### Given records

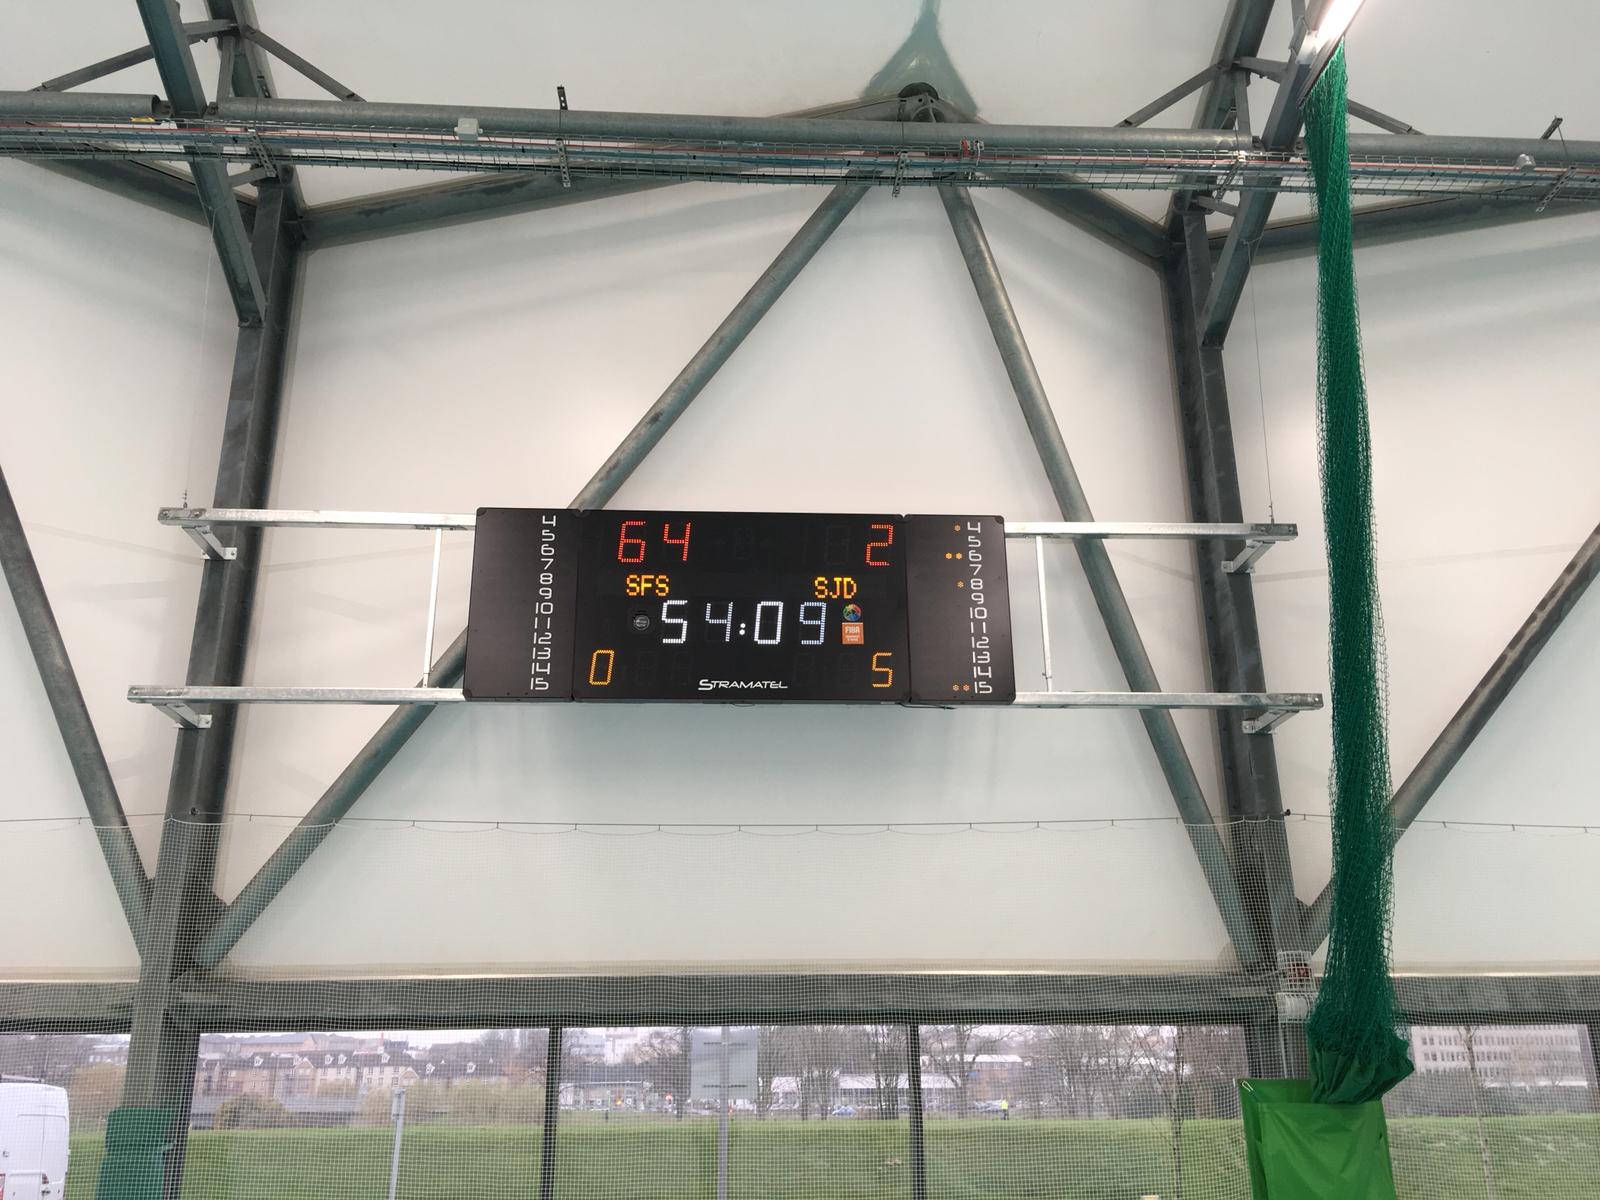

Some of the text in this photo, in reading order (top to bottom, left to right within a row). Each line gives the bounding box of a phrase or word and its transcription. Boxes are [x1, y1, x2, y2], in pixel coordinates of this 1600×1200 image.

[542, 516, 556, 527] 4
[968, 521, 981, 533] 4
[542, 530, 555, 541] 5
[617, 521, 692, 563] 64
[865, 525, 893, 566] 2
[968, 536, 981, 547] 5
[541, 544, 555, 556] 6
[968, 550, 982, 561] 6
[542, 559, 554, 570] 7
[971, 564, 982, 576] 7
[540, 574, 552, 584] 8
[971, 579, 983, 590] 8
[625, 574, 670, 597] SFS
[814, 576, 858, 599] SJD
[539, 588, 552, 599] 9
[971, 593, 984, 604] 9
[535, 602, 553, 615] 10
[970, 607, 987, 619] 10
[534, 618, 550, 629] 11
[661, 600, 827, 645] 54:09
[971, 622, 986, 633] 11
[533, 633, 551, 644] 12
[971, 637, 989, 648] 12
[532, 647, 551, 659] 13
[972, 651, 990, 664] 13
[532, 663, 550, 674] 14
[589, 649, 615, 685] 0
[872, 652, 893, 688] 5
[973, 667, 992, 678] 14
[530, 678, 549, 689] 15
[698, 679, 788, 691] STRAMATEL
[974, 682, 992, 694] 15
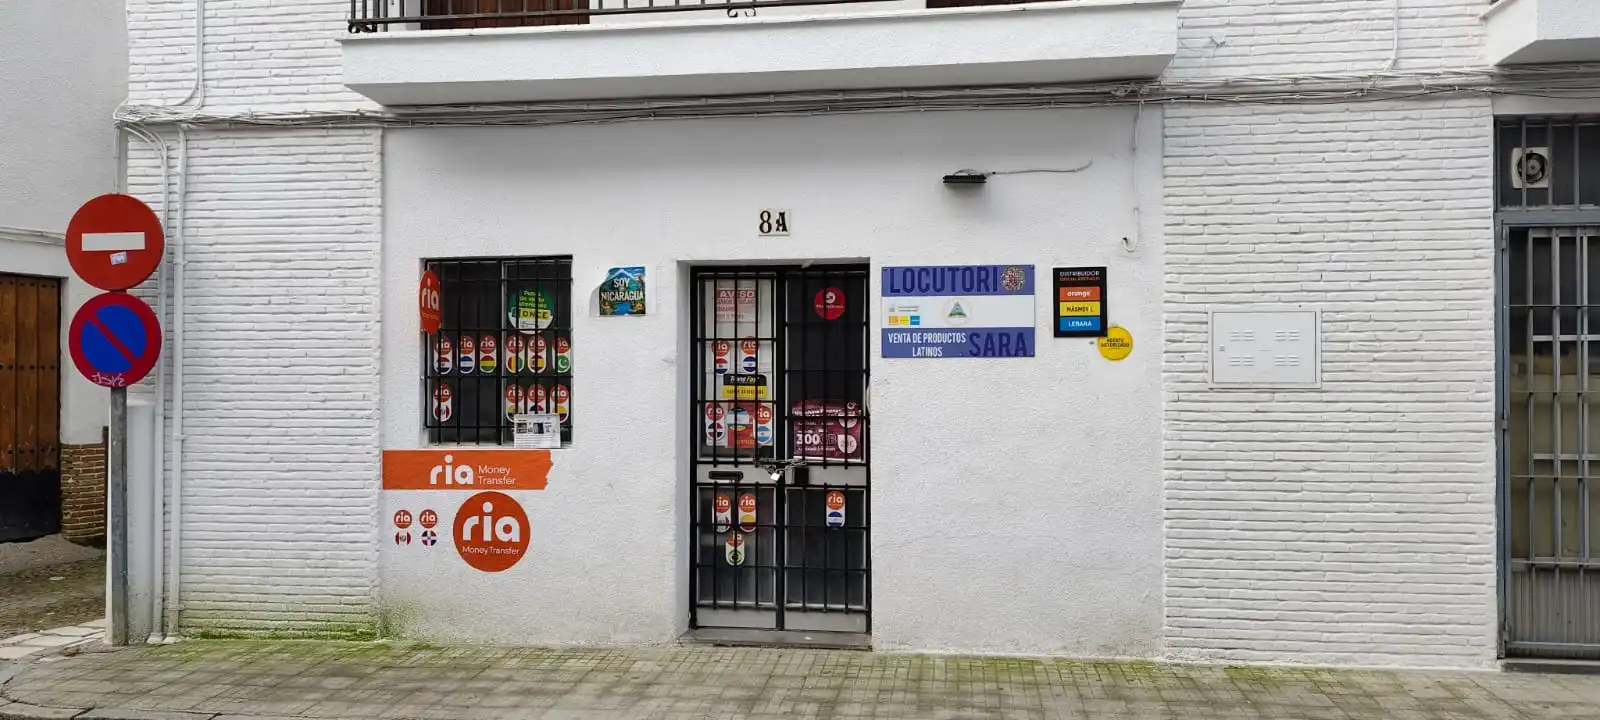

######

## [Your instructions]
An exact, image-free transcription of all the records above is needed.

## [Answer box]
Some of the text in this photo, in reading order (top to bottom, left to right within a row). Each line gives the bounding box of a phrase or word and its transcription. Boxes are [x1, y1, x2, y2], in pixel coordinates of this 1600×1200 image.

[542, 516, 556, 527] 4
[968, 521, 981, 533] 4
[542, 530, 555, 541] 5
[617, 521, 692, 563] 64
[865, 525, 893, 566] 2
[968, 536, 981, 547] 5
[541, 544, 555, 556] 6
[968, 550, 982, 561] 6
[542, 559, 554, 570] 7
[971, 564, 982, 576] 7
[540, 574, 552, 584] 8
[971, 579, 983, 590] 8
[625, 574, 670, 597] SFS
[814, 576, 858, 599] SJD
[539, 588, 552, 599] 9
[971, 593, 984, 604] 9
[535, 602, 553, 615] 10
[970, 607, 987, 619] 10
[534, 618, 550, 629] 11
[661, 600, 827, 645] 54:09
[971, 622, 986, 633] 11
[533, 633, 551, 644] 12
[971, 637, 989, 648] 12
[532, 647, 551, 659] 13
[972, 651, 990, 664] 13
[532, 663, 550, 674] 14
[589, 649, 615, 685] 0
[872, 652, 893, 688] 5
[973, 667, 992, 678] 14
[530, 678, 549, 689] 15
[698, 679, 788, 691] STRAMATEL
[974, 682, 992, 694] 15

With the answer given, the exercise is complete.